I would start out by creating at least two or three classes. One for
what is a Hash in your case (maybe call it TimeTable or such), one for
a list of ranges and maybe one for a TimeRange (which could make sure
parameter values are legal, i.e. in the range 0..23 etc.).

Then I would place those methods in classes appropriate for it and the
code will become much more readable and maintainable.

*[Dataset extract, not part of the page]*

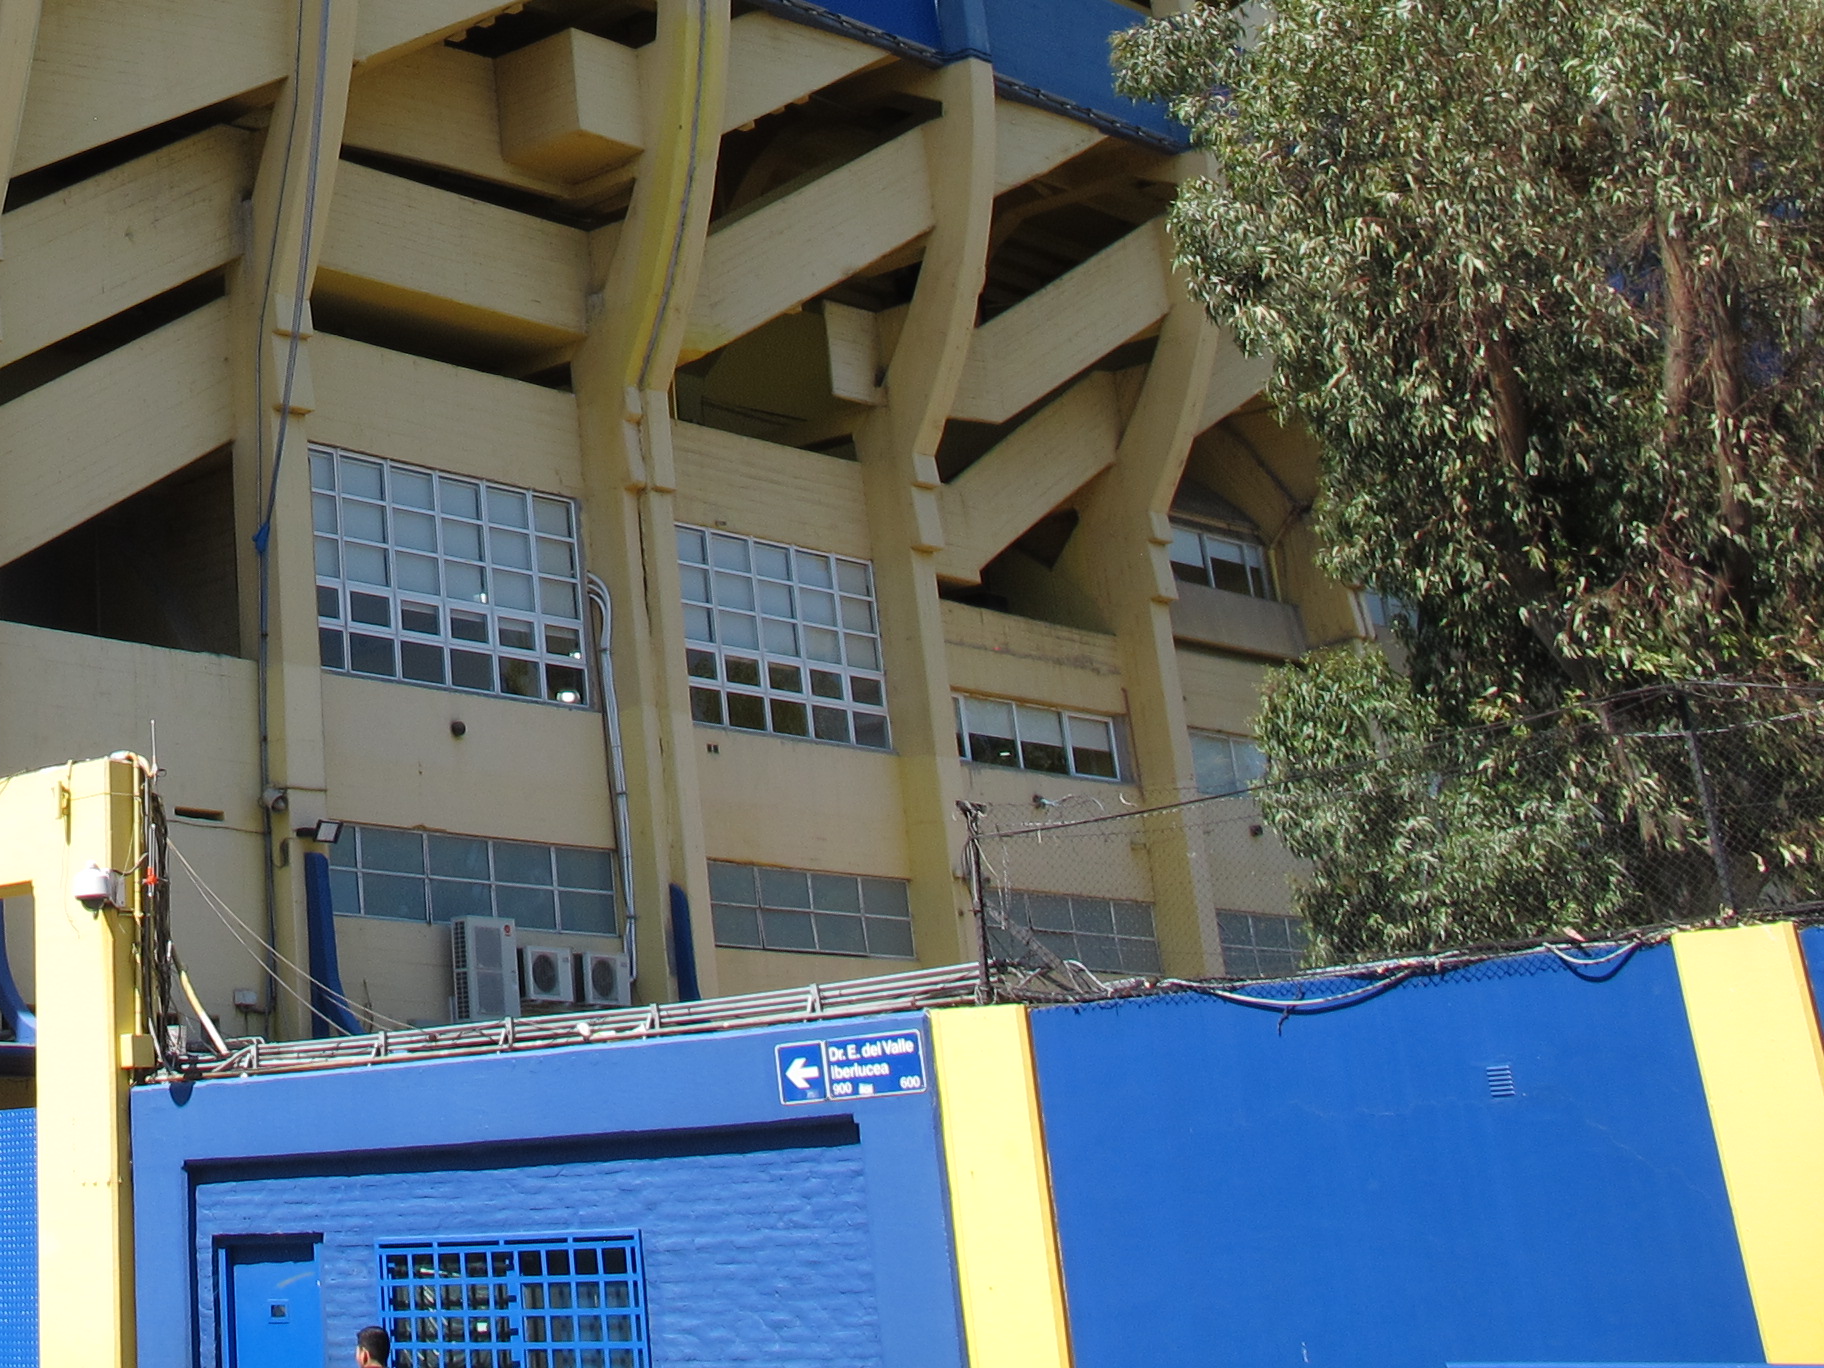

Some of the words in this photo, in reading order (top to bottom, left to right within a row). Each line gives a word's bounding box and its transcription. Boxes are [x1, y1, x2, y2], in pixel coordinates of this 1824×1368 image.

Regarding the algorithm, I believe you are not checking what you
described in this piece of code:

a.each_key { |i|
b.each_key { |j|
# Check each element of each array to see if any ranges overlap
if range_overlaps?(a[i], b[j])
return true
end
}
}

If I'm not mistaken that will check all days vs. each other. You
probably rather want:

require 'set'
...
(a.keys.to_set + b.keys).any? do |day|
r1 = a[day]
r2 = b[day]
r1 && r2 && range_overlaps?(r1, r2)
end

(With my suggested change that line would rather look like

r1 && r2 && r1.overlaps? r2

since then you had a class where to stuff the overlap check into.)

Kind regards

robert

--
remember.guy do |as, often| as.you_can - without end
http://blog.rubybestpractices.com/

From: Derek Cannon on
You are right about my initial coding being incorrect. I noticed it
hours after first posting, and changed it to:

def elements_overlap?(a, b)
array = a.to_a & b.to_a
!array.empty?
end

def overlaps?(a, b)
if not elements_overlap?(a.keys, b.keys)
return false
else
a.each_key { |i| # :m, :w
if elements_overlap?(a[i], b[i])
return true
end
}
end
return false
end

And I tested it, and it seemed to work in all the following instances:

a = {:monday => [get_time("9:00am-10:00am")], :wednesday =>
[get_time("11:00am-12:00pm")] }
b = {:monday => [get_time("11:00am-12:00pm")], :wednesday =>
[get_time("9:00am-10:00am")] }
c = {:tuesday => [get_time("9:00am-10:00am")], :thursday =>
[get_time("11:00am-12:00pm")] }
d = {:monday => [get_time("11:00am-12:00pm")], :wednesday =>
[get_time("2:00pm-5:00pm"), :friday => [get_time("9:00am-10:00am")], ] }
e = {:monday => [get_time("6:00am-8:00am"), get_time("9:00am-10:00am")],
:wednesday => [get_time("6:00am-8:00am")] }

# M1W2 and M2W1 share times => expected false
puts overlaps?(a, b) # => false
# Same times and days => expected true
puts overlaps?(a, a) # => true
# Same times; different days => expected false
puts overlaps?(a, c) # => false
# Different times, same time F2 as M1W1 => expected false
puts overlaps?(a, d) # => false
# Second time on M2 overlaps M1 time => expected true
puts overlaps?(a, e) # => true


I do appreciate your response Robert. If you wouldn't mind educating me
a little further on your approach to this problem... I don't understand
how adding multiple classes to this code would be implemented. If you
wouldn't mind giving me a brief summary of what you'd think would belong
in these classes you purposed, I'd be very grateful!

-- Derek Cannon
--
Posted via http://www.ruby-forum.com/.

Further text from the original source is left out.